Riabilitazione nella sclerosi multipla: efficacia e applicazione clinica
Dr. Roman Zinevich
23 aprile 2026

Evidenze solide supportano la riabilitazione nella sclerosi multipla — miglioramenti della forza muscolare, della tolleranza all'esercizio, della mobilità e del tono dell'umore. L'approccio è sicuro e adatto sia alle forme recidivanti-remittenti sia alle forme progressive della malattia.
Perché la riabilitazione nella SM
La sclerosi multipla (SM) è una malattia autoimmune cronica del sistema nervoso centrale che provoca compromissione motoria, sensoriale e cognitiva. Nonostante i progressi della terapia immunomodulatoria, nessun intervento noto modifica oggi la prognosi a lungo termine. La fisioterapia e l'esercizio terapeutico rimangono pertanto elementi centrali della cura sintomatica e di supporto nella sclerosi multipla.
Attività quotidiana e qualità della vita
Una revisione sistematica di RCT (9 studi di alta qualità metodologica, 260 pazienti) ha riportato evidenze solide a sostegno del fatto che l'esercizio fisico migliora la forza muscolare, la tolleranza all'esercizio, la mobilità e l'attività correlata alla deambulazione. Evidenze moderate supportano il miglioramento dell'umore. Non è stato riscontrato un effetto significativo sulla severità dell'affaticamento o sulla percezione soggettiva della disabilità, né sono stati segnalati eventi avversi correlati all'esercizio. L'esercizio è sicuro e migliora indicatori funzionali chiave nei pazienti con SM al di fuori delle fasi di ricaduta.
Riabilitazione nella SM progressiva
Una revisione sistematica dedicata alla SM progressiva — tradizionalmente la forma più difficile da riabilitare — ha incluso 13 studi (15 pubblicazioni) che hanno valutato esercizio terapeutico, riabilitazione multidisciplinare, stimolazione elettrica funzionale, allenamento dei muscoli respiratori, deambulazione assistita e stazione eretta terapeutica. Quasi tutti gli studi hanno mostrato un beneficio su almeno una misura clinica — mobilità, forza, funzione respiratoria o partecipazione alle attività quotidiane.
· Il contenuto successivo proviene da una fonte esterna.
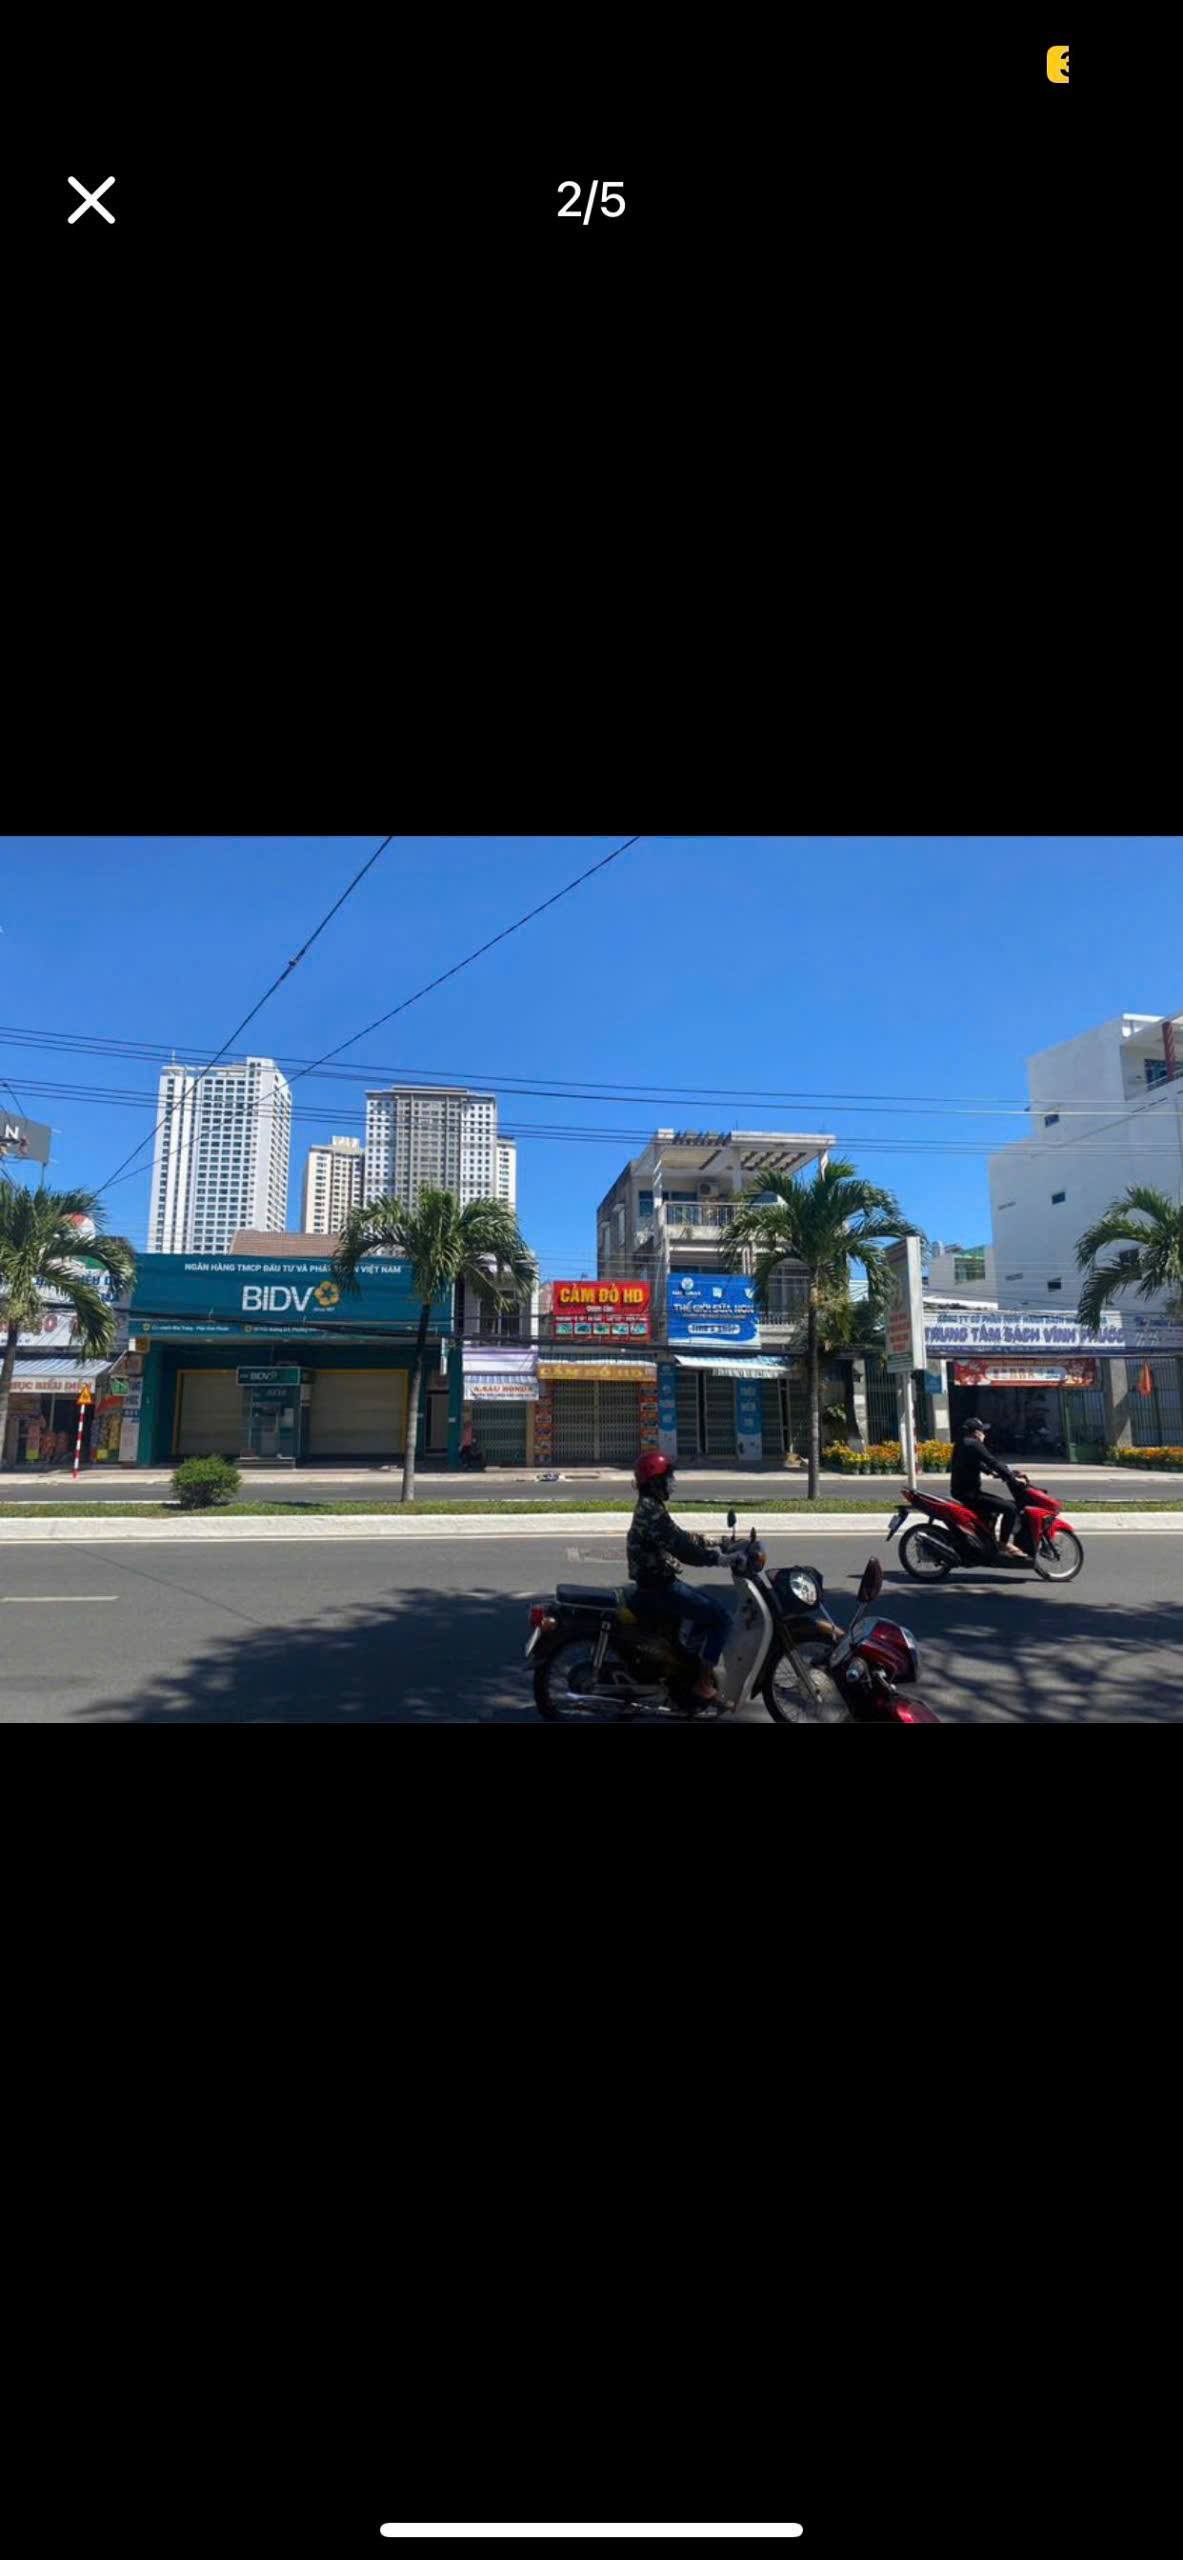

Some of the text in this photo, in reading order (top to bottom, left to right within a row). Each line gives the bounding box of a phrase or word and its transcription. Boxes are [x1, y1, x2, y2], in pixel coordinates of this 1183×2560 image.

[184, 1262, 209, 1272] NGÂN
[210, 1262, 235, 1272] HÀNG
[237, 1263, 262, 1273] TMCP
[360, 1264, 379, 1275] VIỆT
[380, 1264, 402, 1274] NAM
[241, 1285, 315, 1312] BIDV
[623, 1287, 643, 1303] HD
[925, 1326, 968, 1342] TRUNG
[970, 1323, 1001, 1343] TÂM
Gli autori sottolineano la necessità di studi più ampi e di maggiore potenza statistica.
Allenamento funzionale
L'allenamento funzionale è un approccio meno standardizzato ma più flessibile, orientato allo sviluppo di forza, equilibrio, coordinazione, stabilità e resistenza. Una revisione sistematica conforme alle linee guida PRISMA di 19 studi (compresi RCT) ha rilevato che l'allenamento funzionale nei pazienti con SM migliora la mobilità e la velocità di cammino, potenzia l'equilibrio e la propriocezione, aumenta la forza muscolare e la resistenza, e in diversi studi influenza positivamente qualità della vita e affaticamento. L'eterogeneità metodologica è elevata, ma gli autori concludono che l'allenamento funzionale è un approccio riabilitativo globale promettente.
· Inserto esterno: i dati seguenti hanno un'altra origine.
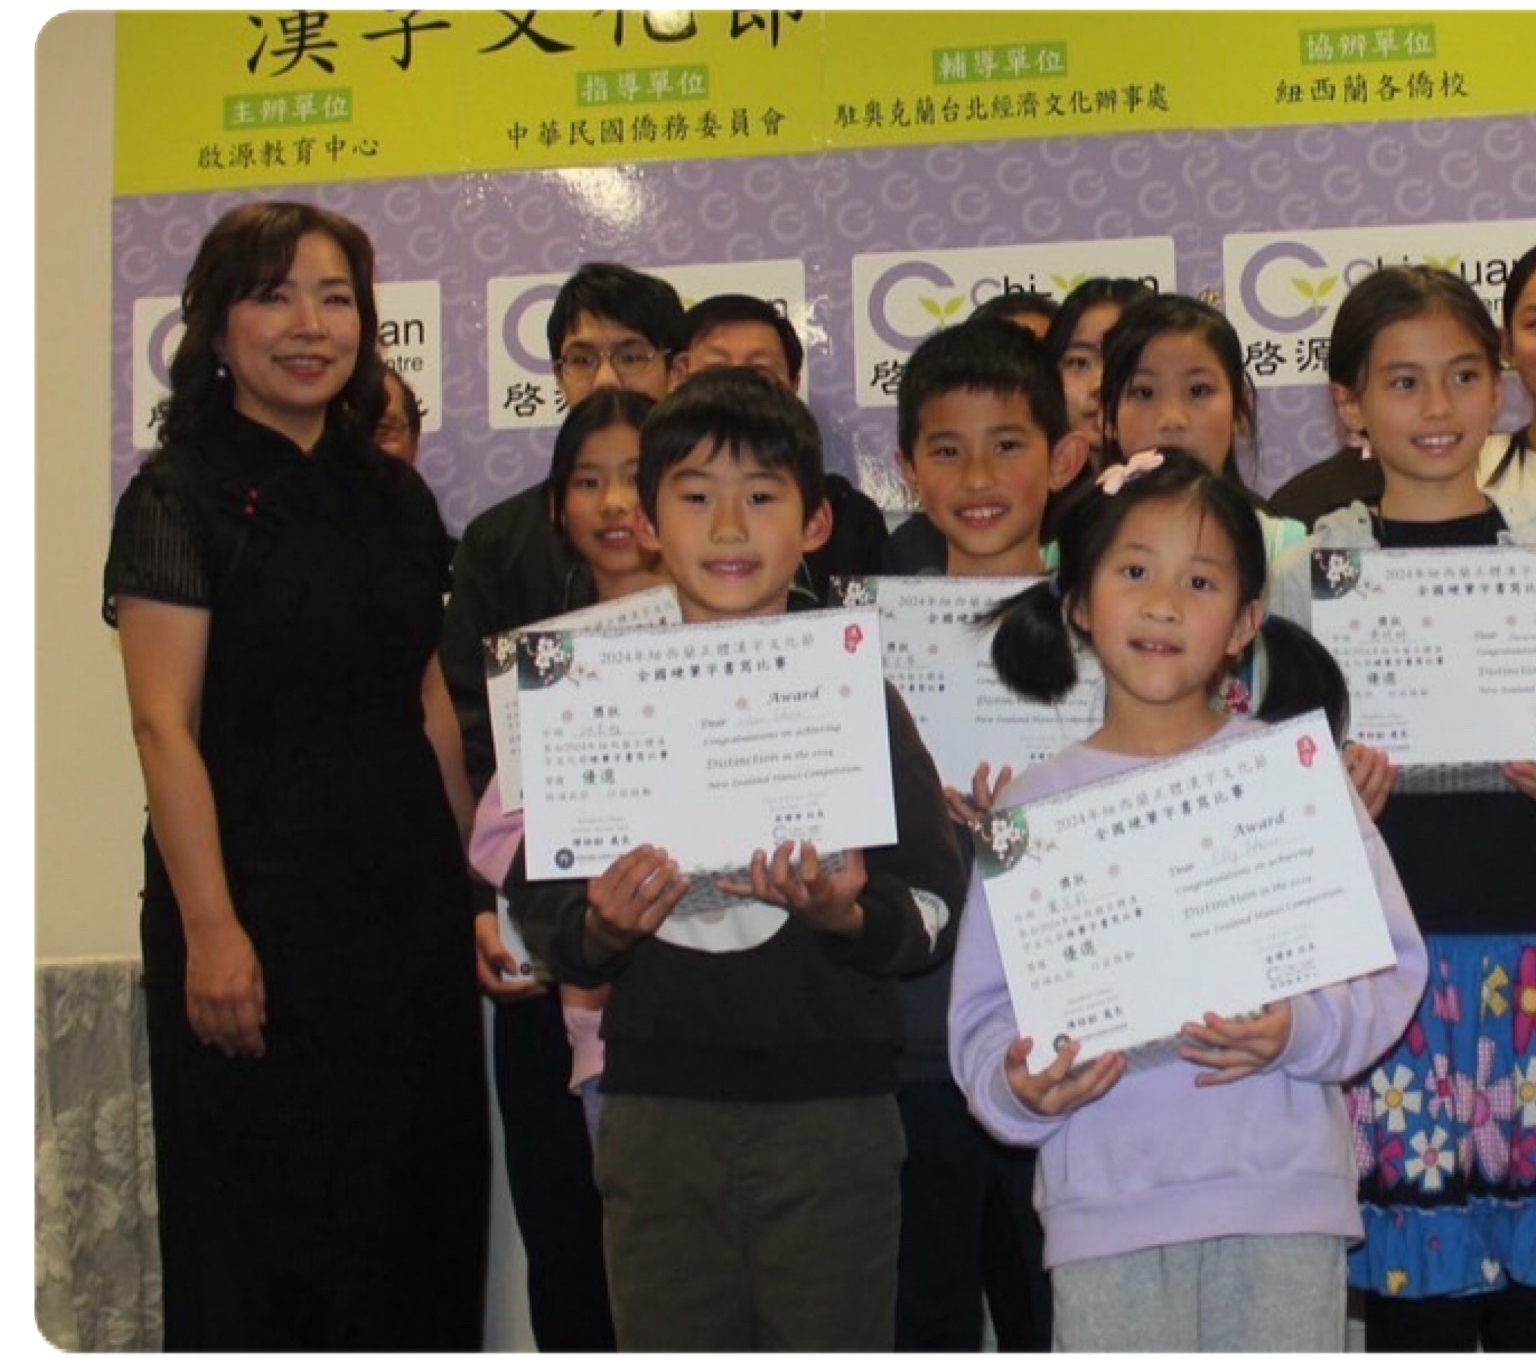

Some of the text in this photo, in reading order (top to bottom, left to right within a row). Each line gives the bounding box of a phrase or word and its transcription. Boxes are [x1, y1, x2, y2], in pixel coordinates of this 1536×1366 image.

[939, 46, 1065, 82] 輔導單位
[581, 68, 706, 103] 指導單位
[1274, 69, 1470, 105] 紐西蘭各僑校
[506, 107, 787, 151] 中華民國僑務委員會
[767, 685, 822, 705] Award
[1232, 807, 1286, 839] Award
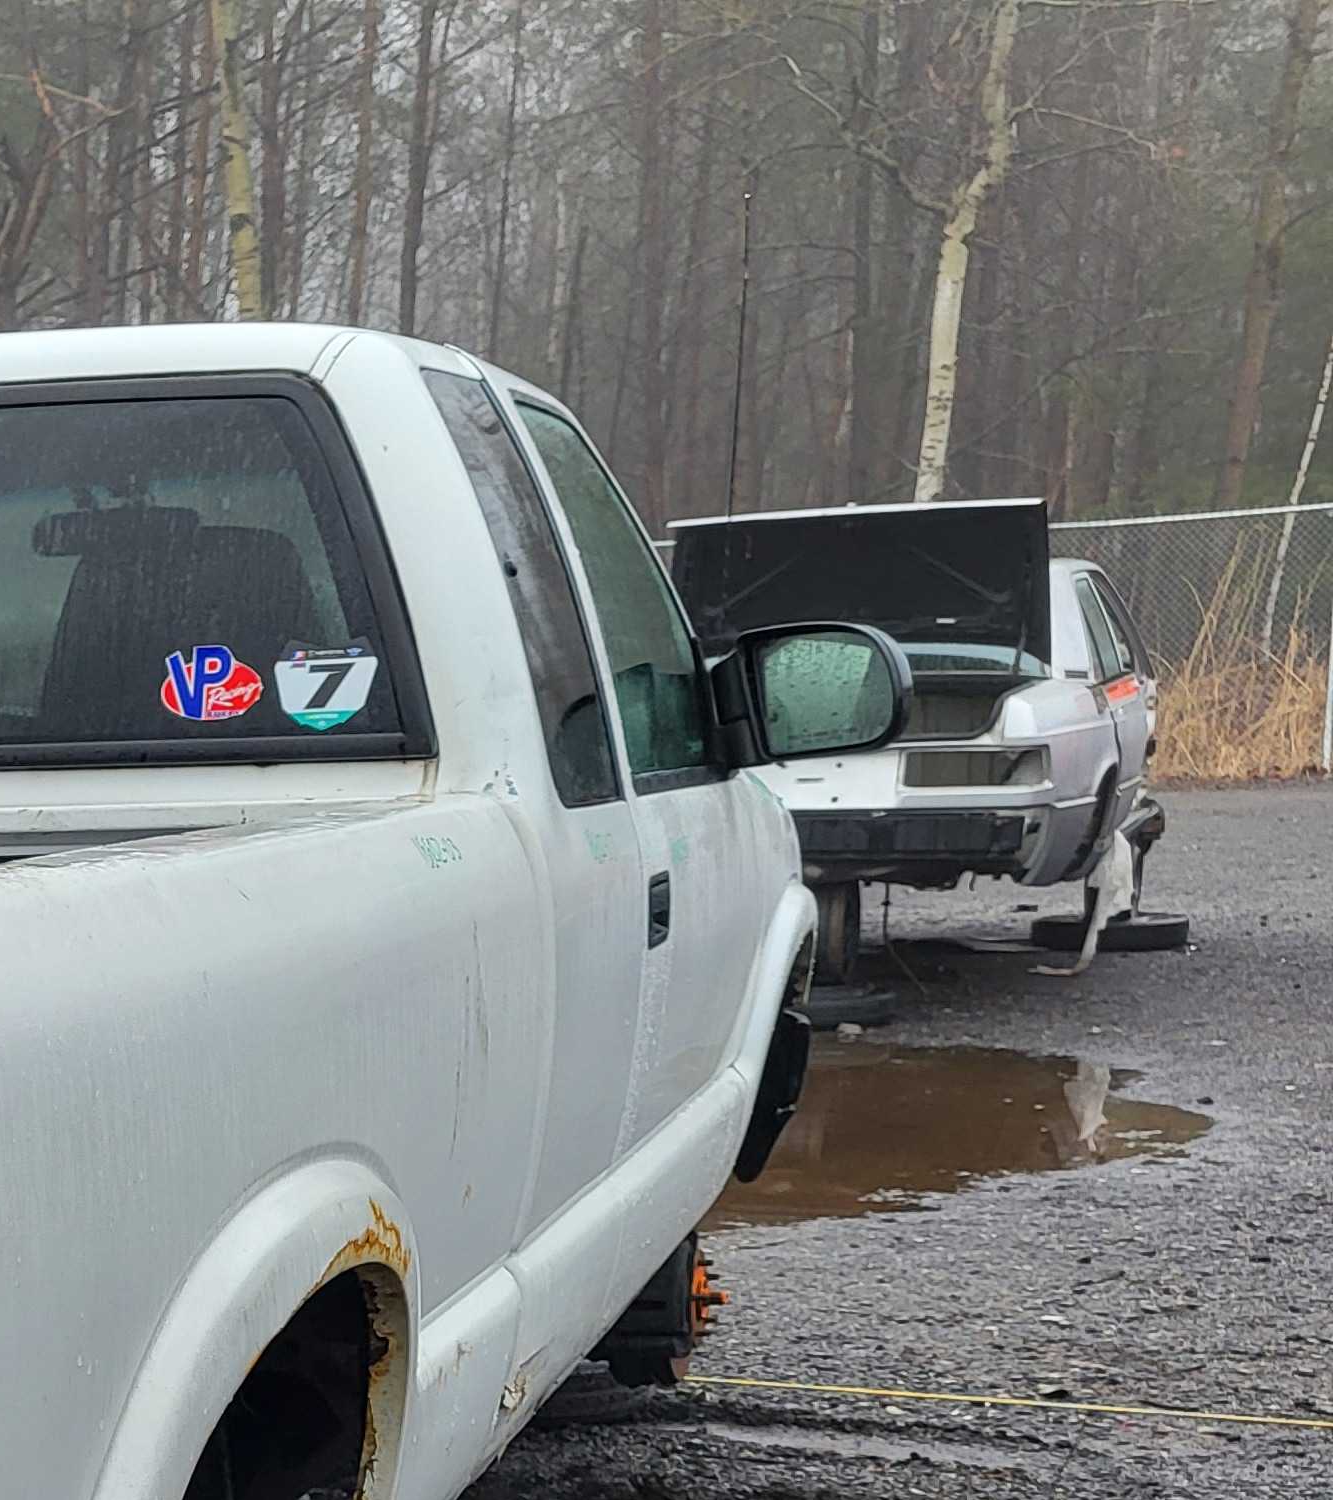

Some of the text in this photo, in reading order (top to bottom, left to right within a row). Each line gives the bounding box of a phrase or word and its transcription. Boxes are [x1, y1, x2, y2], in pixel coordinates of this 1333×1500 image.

[165, 645, 234, 720] VP
[206, 681, 264, 711] Racing
[304, 662, 356, 709] 7
Riabilitazione e spasticità
La spasticità è uno dei sintomi più frequenti e invalidanti della SM. Una revisione sistematica e meta-analisi di 29 studi riporta le evidenze più solide a favore dell'esercizio terapeutico, del training del cammino con supporto robotico e dei programmi di esercizio ambulatoriali. La riabilitazione produce benefici sia sulla percezione soggettiva della spasticità sia sul tono muscolare misurato; gli approcci risultano sicuri, anche nella SM progressiva con mobilità ridotta.
Conclusioni cliniche
La riabilitazione nella sclerosi multipla è una modalità efficace e sicura. L'esercizio migliora la forza muscolare, la mobilità, la tolleranza all'esercizio e l'attività funzionale, con evidenze di effetti positivi su umore e spasticità. I benefici si osservano sia nelle forme recidivanti-remittenti sia in quelle progressive. Nessuna singola modalità risulta nettamente superiore — i programmi individualizzati offrono il maggiore valore clinico. La riabilitazione non modifica il decorso della malattia, ma migliora in modo significativo lo stato funzionale, l'autonomia e la qualità della vita.